Your assignment: The whole listing below is to be returned without alteration.

Records supplied:

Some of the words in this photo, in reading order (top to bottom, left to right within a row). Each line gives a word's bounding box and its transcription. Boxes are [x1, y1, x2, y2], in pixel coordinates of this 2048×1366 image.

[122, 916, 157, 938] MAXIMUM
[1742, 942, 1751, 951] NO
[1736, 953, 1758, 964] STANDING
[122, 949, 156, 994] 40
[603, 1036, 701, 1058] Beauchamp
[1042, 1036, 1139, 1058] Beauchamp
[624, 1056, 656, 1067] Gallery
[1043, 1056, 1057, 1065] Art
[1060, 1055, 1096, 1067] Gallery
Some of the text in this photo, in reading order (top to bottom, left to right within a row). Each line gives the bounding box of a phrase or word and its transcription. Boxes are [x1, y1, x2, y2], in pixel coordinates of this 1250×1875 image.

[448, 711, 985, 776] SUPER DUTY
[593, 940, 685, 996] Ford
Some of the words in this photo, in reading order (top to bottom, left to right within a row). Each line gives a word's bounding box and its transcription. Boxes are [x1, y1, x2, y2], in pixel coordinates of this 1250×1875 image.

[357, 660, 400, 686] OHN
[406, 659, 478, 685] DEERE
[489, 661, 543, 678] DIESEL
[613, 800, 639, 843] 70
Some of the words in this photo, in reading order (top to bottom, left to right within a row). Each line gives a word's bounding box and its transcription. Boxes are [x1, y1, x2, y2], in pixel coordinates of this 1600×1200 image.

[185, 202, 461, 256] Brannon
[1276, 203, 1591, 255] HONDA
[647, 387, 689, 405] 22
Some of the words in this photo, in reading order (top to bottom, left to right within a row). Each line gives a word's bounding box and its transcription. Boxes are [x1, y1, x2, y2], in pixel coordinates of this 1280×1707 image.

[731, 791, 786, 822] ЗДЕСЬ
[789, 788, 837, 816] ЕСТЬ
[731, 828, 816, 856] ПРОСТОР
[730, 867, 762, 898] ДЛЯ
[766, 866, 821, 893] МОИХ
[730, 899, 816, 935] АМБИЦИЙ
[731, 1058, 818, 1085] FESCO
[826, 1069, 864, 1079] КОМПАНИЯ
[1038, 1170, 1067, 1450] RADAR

Written solution:
Some of the words in this photo, in reading order (top to bottom, left to right within a row). Each line gives a word's bounding box and its transcription. Boxes are [x1, y1, x2, y2], in pixel coordinates of this 2048×1366 image.

[122, 916, 157, 938] MAXIMUM
[1742, 942, 1751, 951] NO
[1736, 953, 1758, 964] STANDING
[122, 949, 156, 994] 40
[603, 1036, 701, 1058] Beauchamp
[1042, 1036, 1139, 1058] Beauchamp
[624, 1056, 656, 1067] Gallery
[1043, 1056, 1057, 1065] Art
[1060, 1055, 1096, 1067] Gallery
Some of the text in this photo, in reading order (top to bottom, left to right within a row). Each line gives the bounding box of a phrase or word and its transcription. Boxes are [x1, y1, x2, y2], in pixel coordinates of this 1250×1875 image.

[448, 711, 985, 776] SUPER DUTY
[593, 940, 685, 996] Ford
Some of the words in this photo, in reading order (top to bottom, left to right within a row). Each line gives a word's bounding box and its transcription. Boxes are [x1, y1, x2, y2], in pixel coordinates of this 1250×1875 image.

[357, 660, 400, 686] OHN
[406, 659, 478, 685] DEERE
[489, 661, 543, 678] DIESEL
[613, 800, 639, 843] 70
Some of the words in this photo, in reading order (top to bottom, left to right within a row). Each line gives a word's bounding box and its transcription. Boxes are [x1, y1, x2, y2], in pixel coordinates of this 1600×1200 image.

[185, 202, 461, 256] Brannon
[1276, 203, 1591, 255] HONDA
[647, 387, 689, 405] 22
Some of the words in this photo, in reading order (top to bottom, left to right within a row). Each line gives a word's bounding box and its transcription. Boxes are [x1, y1, x2, y2], in pixel coordinates of this 1280×1707 image.

[731, 791, 786, 822] ЗДЕСЬ
[789, 788, 837, 816] ЕСТЬ
[731, 828, 816, 856] ПРОСТОР
[730, 867, 762, 898] ДЛЯ
[766, 866, 821, 893] МОИХ
[730, 899, 816, 935] АМБИЦИЙ
[731, 1058, 818, 1085] FESCO
[826, 1069, 864, 1079] КОМПАНИЯ
[1038, 1170, 1067, 1450] RADAR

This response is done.